Exercise prompt:
For each line below, write it out exactly as it appears.

Records from a data collection:
- Opening Delimiter -

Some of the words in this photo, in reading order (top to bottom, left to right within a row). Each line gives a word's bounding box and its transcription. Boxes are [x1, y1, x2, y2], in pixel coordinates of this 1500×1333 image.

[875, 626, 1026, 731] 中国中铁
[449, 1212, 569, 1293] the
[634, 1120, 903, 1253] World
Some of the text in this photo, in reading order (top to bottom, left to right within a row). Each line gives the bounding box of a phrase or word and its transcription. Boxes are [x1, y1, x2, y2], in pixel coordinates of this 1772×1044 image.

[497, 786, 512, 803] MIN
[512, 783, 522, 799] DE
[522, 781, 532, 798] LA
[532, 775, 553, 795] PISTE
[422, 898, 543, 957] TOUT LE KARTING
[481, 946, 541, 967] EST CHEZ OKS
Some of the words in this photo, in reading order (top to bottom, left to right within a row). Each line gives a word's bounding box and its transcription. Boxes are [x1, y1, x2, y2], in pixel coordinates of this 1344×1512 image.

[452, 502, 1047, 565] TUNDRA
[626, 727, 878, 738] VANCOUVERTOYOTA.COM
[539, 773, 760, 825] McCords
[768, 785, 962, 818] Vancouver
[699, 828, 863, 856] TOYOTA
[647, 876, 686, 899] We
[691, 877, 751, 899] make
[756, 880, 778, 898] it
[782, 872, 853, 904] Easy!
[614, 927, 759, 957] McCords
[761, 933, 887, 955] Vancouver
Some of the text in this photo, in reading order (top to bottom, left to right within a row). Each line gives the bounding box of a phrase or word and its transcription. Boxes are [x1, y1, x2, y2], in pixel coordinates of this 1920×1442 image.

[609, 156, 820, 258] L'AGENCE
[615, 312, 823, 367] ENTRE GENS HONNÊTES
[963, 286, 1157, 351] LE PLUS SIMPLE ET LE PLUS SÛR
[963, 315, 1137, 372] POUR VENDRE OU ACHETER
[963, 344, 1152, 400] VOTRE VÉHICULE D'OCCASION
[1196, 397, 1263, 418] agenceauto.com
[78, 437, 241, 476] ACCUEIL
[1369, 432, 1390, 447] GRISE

- Closing Delimiter -

Answer space:
Some of the words in this photo, in reading order (top to bottom, left to right within a row). Each line gives a word's bounding box and its transcription. Boxes are [x1, y1, x2, y2], in pixel coordinates of this 1500×1333 image.

[875, 626, 1026, 731] 中国中铁
[449, 1212, 569, 1293] the
[634, 1120, 903, 1253] World
Some of the text in this photo, in reading order (top to bottom, left to right within a row). Each line gives the bounding box of a phrase or word and its transcription. Boxes are [x1, y1, x2, y2], in pixel coordinates of this 1772×1044 image.

[497, 786, 512, 803] MIN
[512, 783, 522, 799] DE
[522, 781, 532, 798] LA
[532, 775, 553, 795] PISTE
[422, 898, 543, 957] TOUT LE KARTING
[481, 946, 541, 967] EST CHEZ OKS
Some of the words in this photo, in reading order (top to bottom, left to right within a row). Each line gives a word's bounding box and its transcription. Boxes are [x1, y1, x2, y2], in pixel coordinates of this 1344×1512 image.

[452, 502, 1047, 565] TUNDRA
[626, 727, 878, 738] VANCOUVERTOYOTA.COM
[539, 773, 760, 825] McCords
[768, 785, 962, 818] Vancouver
[699, 828, 863, 856] TOYOTA
[647, 876, 686, 899] We
[691, 877, 751, 899] make
[756, 880, 778, 898] it
[782, 872, 853, 904] Easy!
[614, 927, 759, 957] McCords
[761, 933, 887, 955] Vancouver
Some of the text in this photo, in reading order (top to bottom, left to right within a row). Each line gives the bounding box of a phrase or word and its transcription. Boxes are [x1, y1, x2, y2], in pixel coordinates of this 1920×1442 image.

[609, 156, 820, 258] L'AGENCE
[615, 312, 823, 367] ENTRE GENS HONNÊTES
[963, 286, 1157, 351] LE PLUS SIMPLE ET LE PLUS SÛR
[963, 315, 1137, 372] POUR VENDRE OU ACHETER
[963, 344, 1152, 400] VOTRE VÉHICULE D'OCCASION
[1196, 397, 1263, 418] agenceauto.com
[78, 437, 241, 476] ACCUEIL
[1369, 432, 1390, 447] GRISE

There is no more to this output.